Segment Open

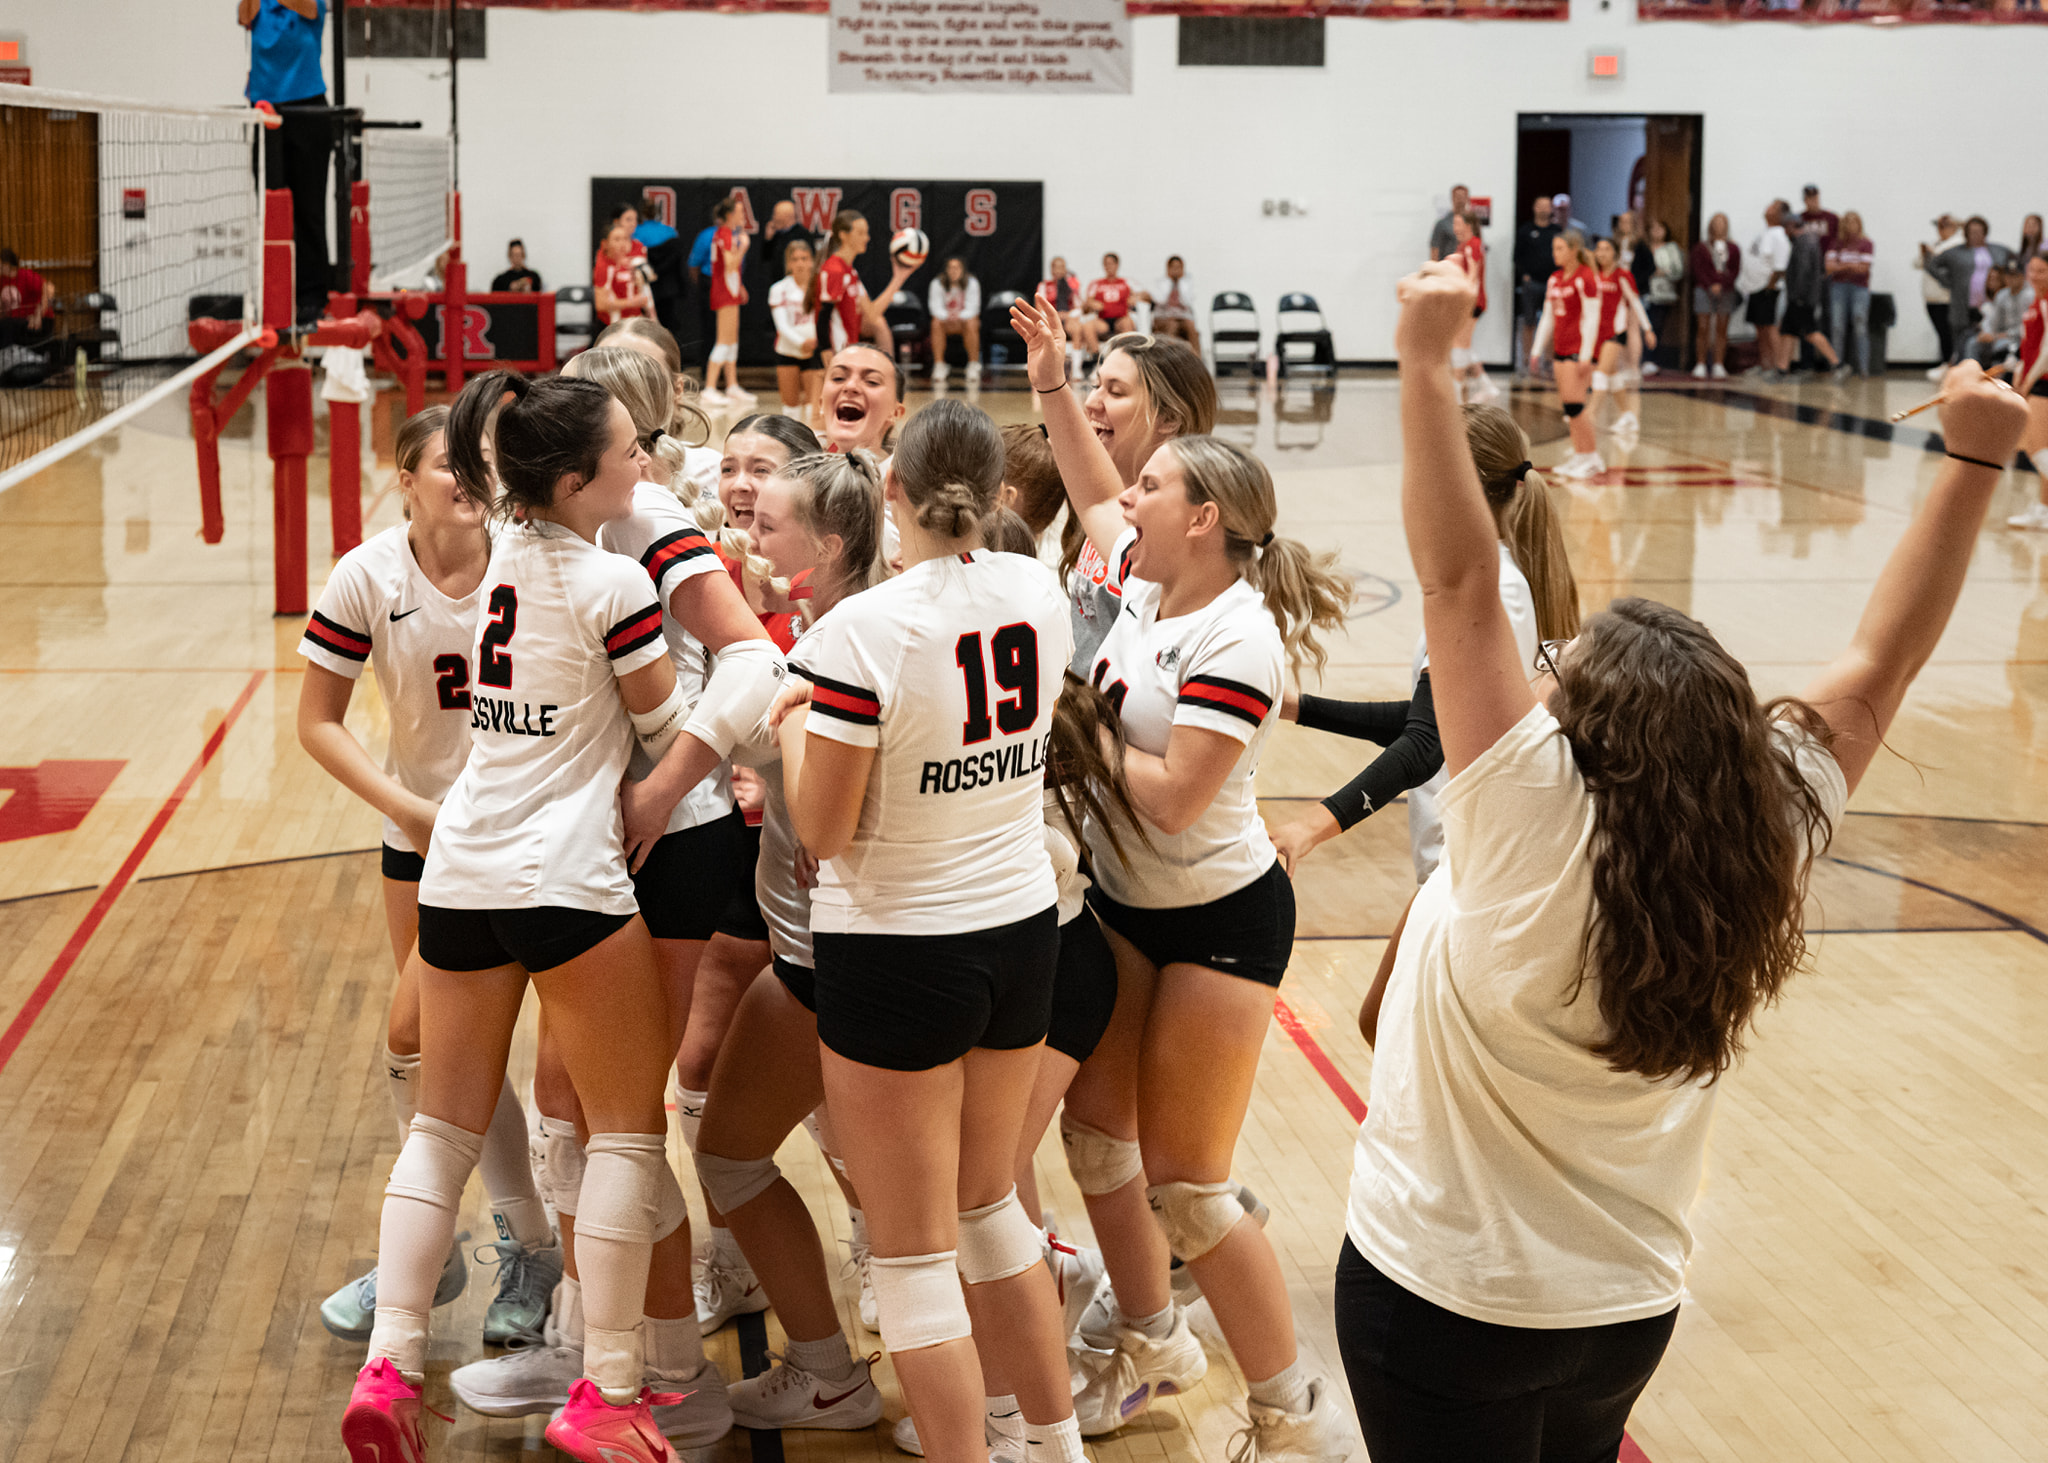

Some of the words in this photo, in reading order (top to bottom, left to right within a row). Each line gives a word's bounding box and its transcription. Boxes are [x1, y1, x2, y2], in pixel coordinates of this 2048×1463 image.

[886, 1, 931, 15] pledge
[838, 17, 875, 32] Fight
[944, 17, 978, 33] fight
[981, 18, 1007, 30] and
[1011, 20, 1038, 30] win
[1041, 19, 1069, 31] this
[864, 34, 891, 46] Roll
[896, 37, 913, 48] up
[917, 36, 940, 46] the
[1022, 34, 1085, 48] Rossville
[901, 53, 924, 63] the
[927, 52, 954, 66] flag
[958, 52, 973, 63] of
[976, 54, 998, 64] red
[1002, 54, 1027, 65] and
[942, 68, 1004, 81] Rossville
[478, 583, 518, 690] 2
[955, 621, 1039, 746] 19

Segment Closed
Segment Open

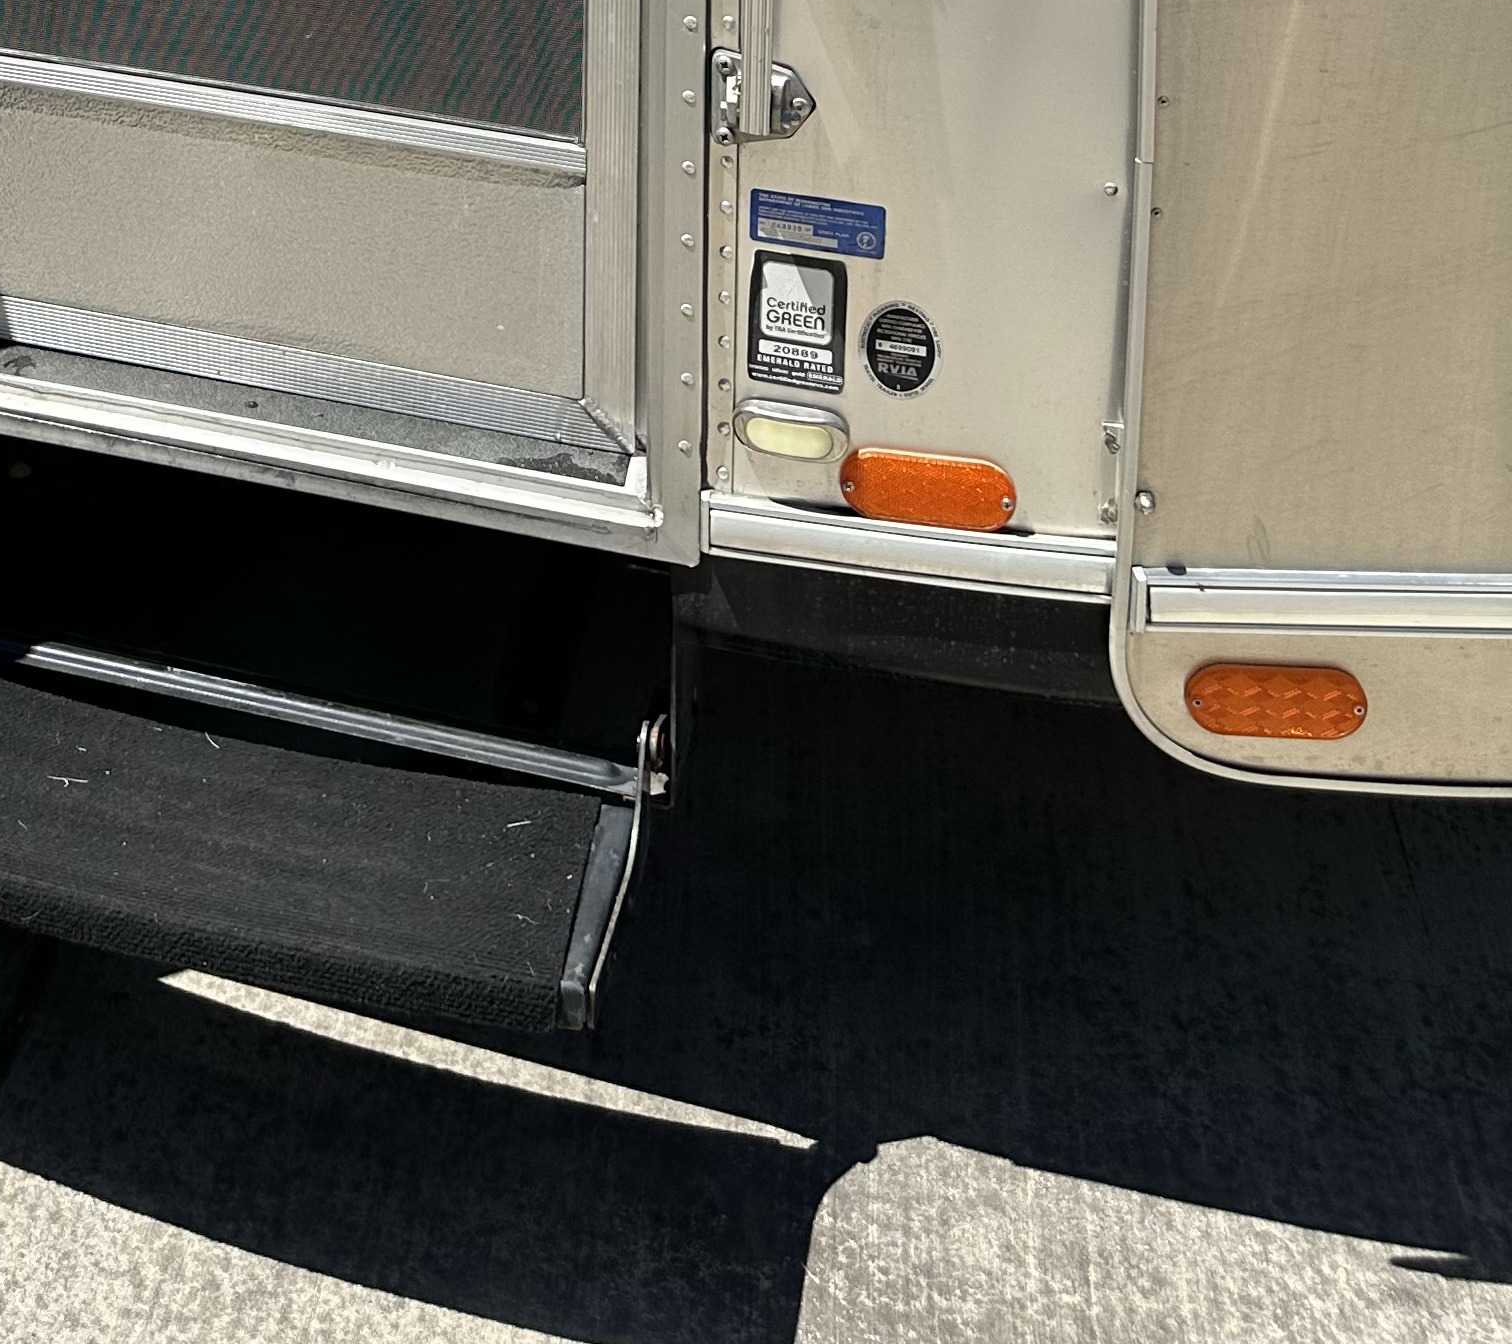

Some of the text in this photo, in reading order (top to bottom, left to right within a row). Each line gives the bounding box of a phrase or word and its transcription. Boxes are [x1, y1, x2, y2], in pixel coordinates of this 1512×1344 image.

Segment Closed
Segment Open

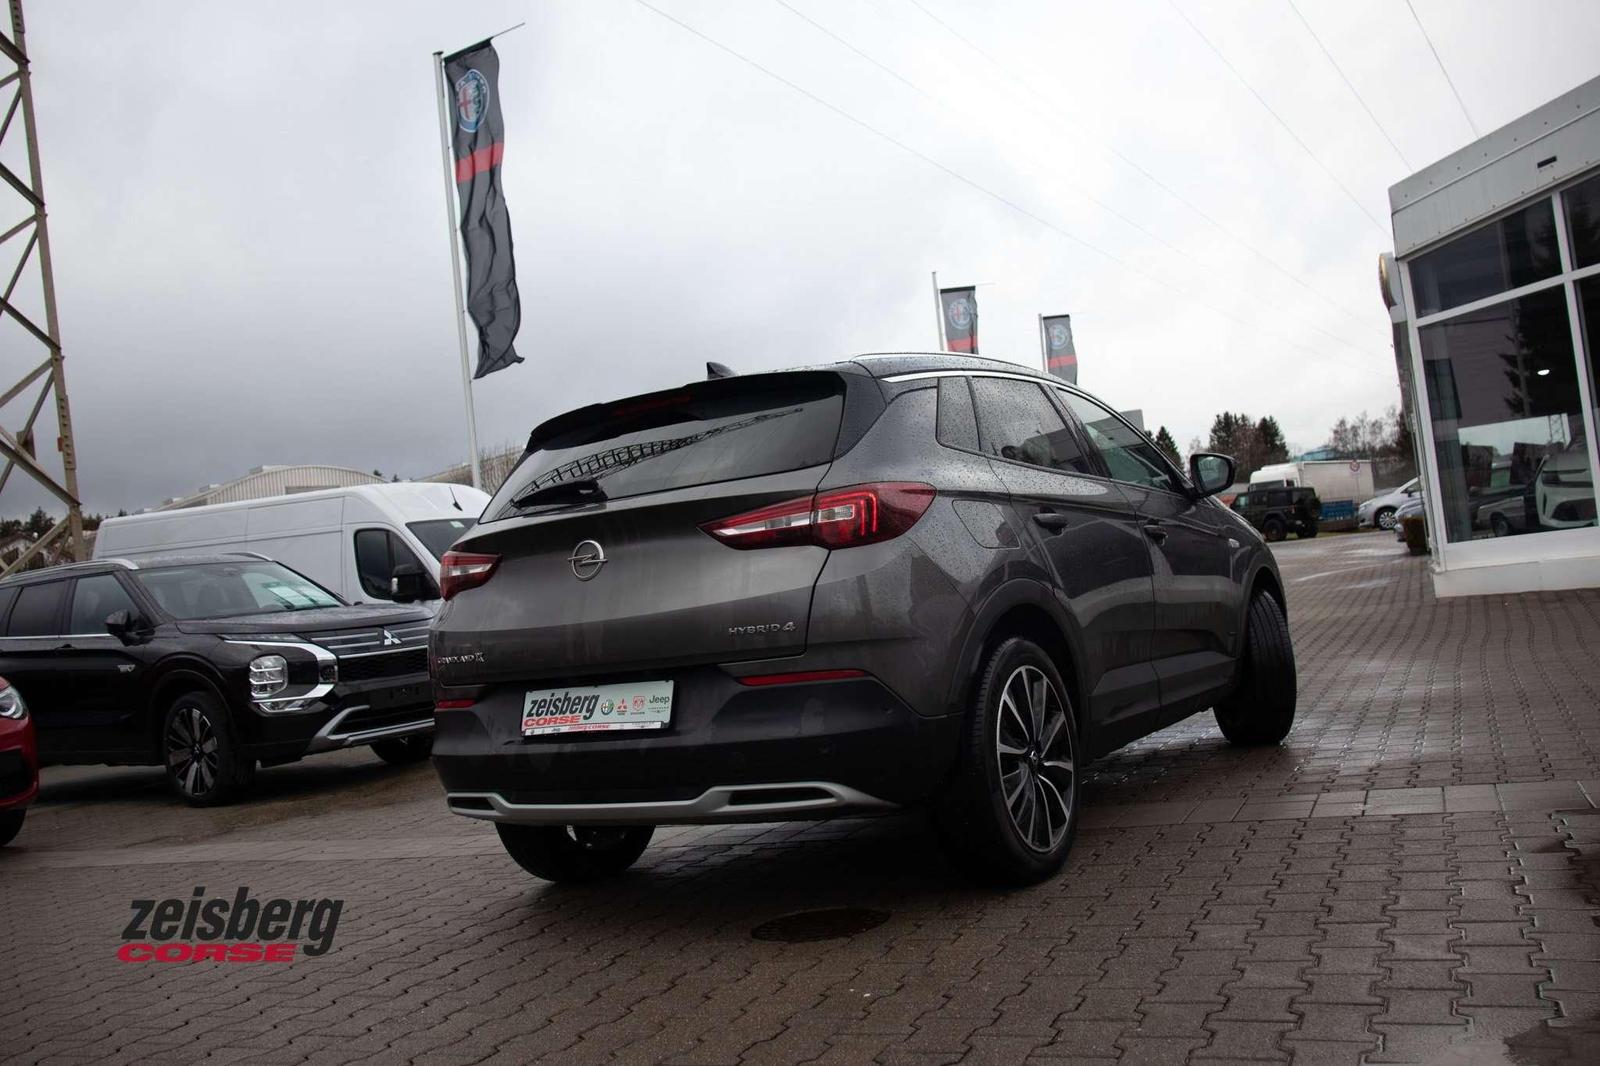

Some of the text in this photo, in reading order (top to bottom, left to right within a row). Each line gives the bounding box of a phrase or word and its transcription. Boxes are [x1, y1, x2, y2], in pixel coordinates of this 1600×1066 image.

Segment Closed

**What needs to be done:**
For each line above that includes "text", copy the line.

**Response box:**
Some of the text in this photo, in reading order (top to bottom, left to right within a row). Each line gives the bounding box of a phrase or word and its transcription. Boxes are [x1, y1, x2, y2], in pixel coordinates of this 1512×1344 image.
Some of the text in this photo, in reading order (top to bottom, left to right within a row). Each line gives the bounding box of a phrase or word and its transcription. Boxes are [x1, y1, x2, y2], in pixel coordinates of this 1600×1066 image.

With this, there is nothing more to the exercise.